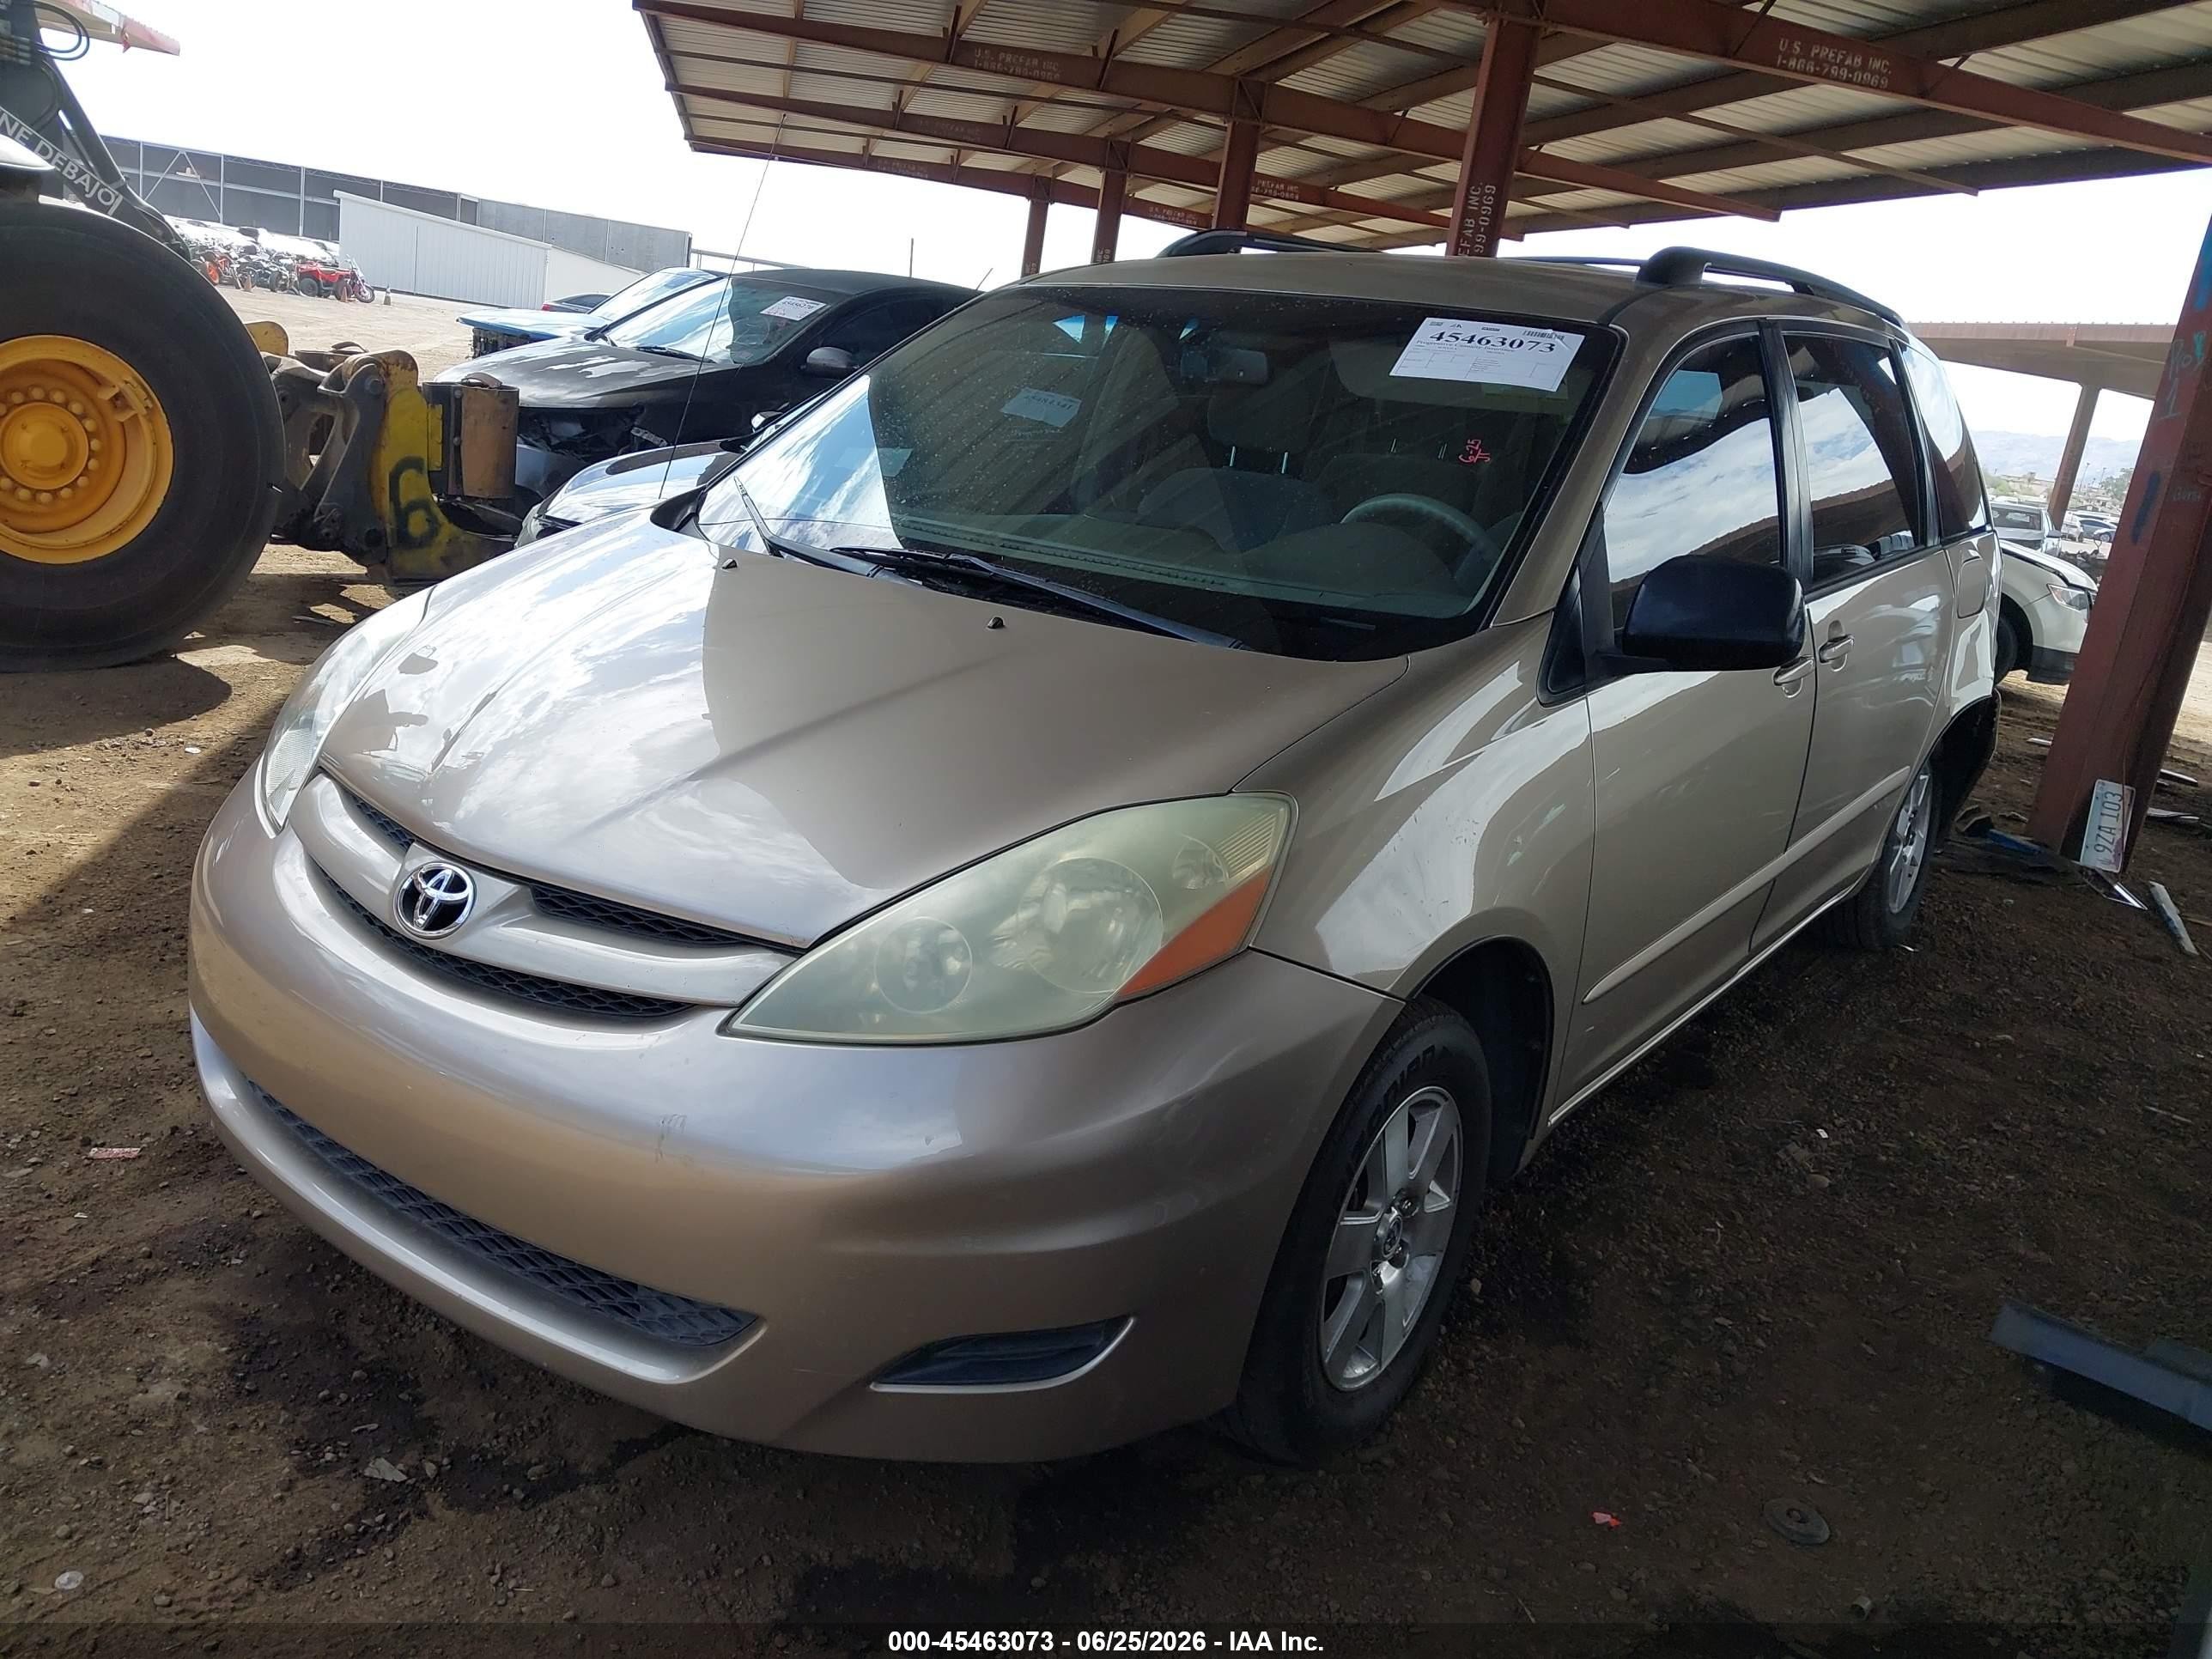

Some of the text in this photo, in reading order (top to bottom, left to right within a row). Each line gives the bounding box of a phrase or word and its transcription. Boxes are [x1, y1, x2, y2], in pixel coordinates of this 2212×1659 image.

[1811, 45, 1862, 68] PREFAB
[1868, 57, 1893, 75] INC.
[33, 139, 116, 206] DEBAJO
[1429, 330, 1556, 354] 45463073
[388, 455, 441, 550] 6

* **Work to be completed**
Quote the data exactly, leaving every image out of the copy.

* **Answer box**
Some of the text in this photo, in reading order (top to bottom, left to right within a row). Each line gives the bounding box of a phrase or word and its transcription. Boxes are [x1, y1, x2, y2], in pixel coordinates of this 2212×1659 image.

[1811, 45, 1862, 68] PREFAB
[1868, 57, 1893, 75] INC.
[33, 139, 116, 206] DEBAJO
[1429, 330, 1556, 354] 45463073
[388, 455, 441, 550] 6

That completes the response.